- WHAT THIS TASK INVOLVES
What you should write out is every line from the one containing "this 1875×1250 image." to the end of the data, exactly and with nothing else.
--- DATA PROVIDED Enclosed Below ---
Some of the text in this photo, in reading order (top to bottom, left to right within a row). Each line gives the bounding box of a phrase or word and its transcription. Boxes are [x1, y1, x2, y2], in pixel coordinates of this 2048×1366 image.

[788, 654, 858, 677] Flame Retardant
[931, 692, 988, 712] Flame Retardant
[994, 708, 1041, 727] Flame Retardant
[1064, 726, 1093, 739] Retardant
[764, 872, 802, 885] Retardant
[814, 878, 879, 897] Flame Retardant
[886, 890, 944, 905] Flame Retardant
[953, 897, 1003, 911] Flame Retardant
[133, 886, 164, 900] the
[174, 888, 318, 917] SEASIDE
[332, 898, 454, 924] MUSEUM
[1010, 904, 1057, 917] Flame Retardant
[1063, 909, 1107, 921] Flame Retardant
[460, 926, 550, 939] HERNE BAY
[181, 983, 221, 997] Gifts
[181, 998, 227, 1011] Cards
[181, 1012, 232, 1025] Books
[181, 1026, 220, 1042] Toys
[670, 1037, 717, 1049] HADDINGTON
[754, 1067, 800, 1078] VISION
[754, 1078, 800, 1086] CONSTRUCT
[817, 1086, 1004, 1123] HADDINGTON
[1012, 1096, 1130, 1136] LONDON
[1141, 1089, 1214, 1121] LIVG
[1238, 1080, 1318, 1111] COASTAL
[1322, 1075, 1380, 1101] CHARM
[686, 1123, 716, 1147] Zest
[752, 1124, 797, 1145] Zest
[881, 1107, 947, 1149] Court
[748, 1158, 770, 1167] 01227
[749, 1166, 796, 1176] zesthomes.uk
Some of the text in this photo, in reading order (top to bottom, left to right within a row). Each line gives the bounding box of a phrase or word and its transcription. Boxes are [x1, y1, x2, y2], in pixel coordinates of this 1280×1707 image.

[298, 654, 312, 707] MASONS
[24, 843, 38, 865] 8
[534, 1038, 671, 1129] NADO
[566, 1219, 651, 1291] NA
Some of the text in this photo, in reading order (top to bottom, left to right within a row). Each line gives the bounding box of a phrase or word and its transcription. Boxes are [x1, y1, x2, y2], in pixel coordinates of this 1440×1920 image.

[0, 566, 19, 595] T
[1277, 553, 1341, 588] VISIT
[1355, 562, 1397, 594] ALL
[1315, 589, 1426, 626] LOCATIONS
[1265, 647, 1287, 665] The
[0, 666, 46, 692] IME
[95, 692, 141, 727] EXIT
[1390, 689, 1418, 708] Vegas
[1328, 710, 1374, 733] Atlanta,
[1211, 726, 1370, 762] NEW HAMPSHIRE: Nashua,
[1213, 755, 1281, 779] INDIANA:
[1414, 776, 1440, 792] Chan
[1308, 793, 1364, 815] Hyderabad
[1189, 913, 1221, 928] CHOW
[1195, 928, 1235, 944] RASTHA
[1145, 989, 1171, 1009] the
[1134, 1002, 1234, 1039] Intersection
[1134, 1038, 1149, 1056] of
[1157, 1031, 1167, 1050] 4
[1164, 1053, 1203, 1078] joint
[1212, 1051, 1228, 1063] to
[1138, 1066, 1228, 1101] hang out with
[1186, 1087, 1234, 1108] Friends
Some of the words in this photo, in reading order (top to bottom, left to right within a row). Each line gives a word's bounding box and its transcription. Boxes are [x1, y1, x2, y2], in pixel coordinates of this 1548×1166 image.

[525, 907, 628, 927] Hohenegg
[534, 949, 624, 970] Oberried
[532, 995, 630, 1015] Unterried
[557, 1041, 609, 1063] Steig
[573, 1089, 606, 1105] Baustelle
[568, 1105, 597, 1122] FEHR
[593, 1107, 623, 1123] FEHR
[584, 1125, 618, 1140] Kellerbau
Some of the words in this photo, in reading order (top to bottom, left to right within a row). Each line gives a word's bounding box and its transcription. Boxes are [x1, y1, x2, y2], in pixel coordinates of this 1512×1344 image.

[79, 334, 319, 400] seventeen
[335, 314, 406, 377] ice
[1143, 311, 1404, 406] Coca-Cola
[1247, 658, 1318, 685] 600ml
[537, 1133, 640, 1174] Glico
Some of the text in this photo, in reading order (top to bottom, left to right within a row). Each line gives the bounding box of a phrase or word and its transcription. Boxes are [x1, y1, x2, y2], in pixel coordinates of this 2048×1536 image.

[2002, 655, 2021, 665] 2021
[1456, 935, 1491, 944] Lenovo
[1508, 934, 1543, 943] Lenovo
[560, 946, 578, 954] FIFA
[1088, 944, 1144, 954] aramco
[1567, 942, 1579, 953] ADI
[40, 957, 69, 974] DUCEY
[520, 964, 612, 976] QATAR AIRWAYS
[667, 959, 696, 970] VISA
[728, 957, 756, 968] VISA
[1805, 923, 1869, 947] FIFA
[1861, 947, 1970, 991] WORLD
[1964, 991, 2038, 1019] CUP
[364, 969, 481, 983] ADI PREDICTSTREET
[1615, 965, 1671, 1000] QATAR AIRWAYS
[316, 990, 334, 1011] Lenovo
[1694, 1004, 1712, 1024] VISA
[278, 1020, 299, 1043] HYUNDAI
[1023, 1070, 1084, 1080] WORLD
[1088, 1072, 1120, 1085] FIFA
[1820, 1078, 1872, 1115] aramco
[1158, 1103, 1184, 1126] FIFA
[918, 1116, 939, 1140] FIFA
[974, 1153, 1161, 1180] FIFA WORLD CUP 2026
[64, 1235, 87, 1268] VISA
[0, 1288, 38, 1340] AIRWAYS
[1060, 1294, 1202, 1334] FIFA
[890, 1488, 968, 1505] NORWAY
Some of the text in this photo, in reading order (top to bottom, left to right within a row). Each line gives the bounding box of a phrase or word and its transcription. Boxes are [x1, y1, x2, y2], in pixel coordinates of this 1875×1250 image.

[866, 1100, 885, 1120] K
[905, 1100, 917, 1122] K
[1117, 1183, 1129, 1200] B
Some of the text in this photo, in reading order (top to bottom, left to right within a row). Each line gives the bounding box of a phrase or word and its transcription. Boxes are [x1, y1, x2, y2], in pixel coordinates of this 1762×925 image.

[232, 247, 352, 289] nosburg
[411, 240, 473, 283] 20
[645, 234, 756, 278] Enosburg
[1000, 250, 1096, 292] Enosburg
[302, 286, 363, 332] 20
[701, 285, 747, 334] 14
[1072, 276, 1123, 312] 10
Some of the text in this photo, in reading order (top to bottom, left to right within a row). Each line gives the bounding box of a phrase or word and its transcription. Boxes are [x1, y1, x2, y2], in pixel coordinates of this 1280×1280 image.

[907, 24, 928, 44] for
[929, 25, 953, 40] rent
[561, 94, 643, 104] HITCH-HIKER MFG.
--- End of Enclosed DATA PROVIDED ---
- SOLVED PROBLEM
Some of the text in this photo, in reading order (top to bottom, left to right within a row). Each line gives the bounding box of a phrase or word and its transcription. Boxes are [x1, y1, x2, y2], in pixel coordinates of this 1875×1250 image.

[866, 1100, 885, 1120] K
[905, 1100, 917, 1122] K
[1117, 1183, 1129, 1200] B
Some of the text in this photo, in reading order (top to bottom, left to right within a row). Each line gives the bounding box of a phrase or word and its transcription. Boxes are [x1, y1, x2, y2], in pixel coordinates of this 1762×925 image.

[232, 247, 352, 289] nosburg
[411, 240, 473, 283] 20
[645, 234, 756, 278] Enosburg
[1000, 250, 1096, 292] Enosburg
[302, 286, 363, 332] 20
[701, 285, 747, 334] 14
[1072, 276, 1123, 312] 10
Some of the text in this photo, in reading order (top to bottom, left to right within a row). Each line gives the bounding box of a phrase or word and its transcription. Boxes are [x1, y1, x2, y2], in pixel coordinates of this 1280×1280 image.

[907, 24, 928, 44] for
[929, 25, 953, 40] rent
[561, 94, 643, 104] HITCH-HIKER MFG.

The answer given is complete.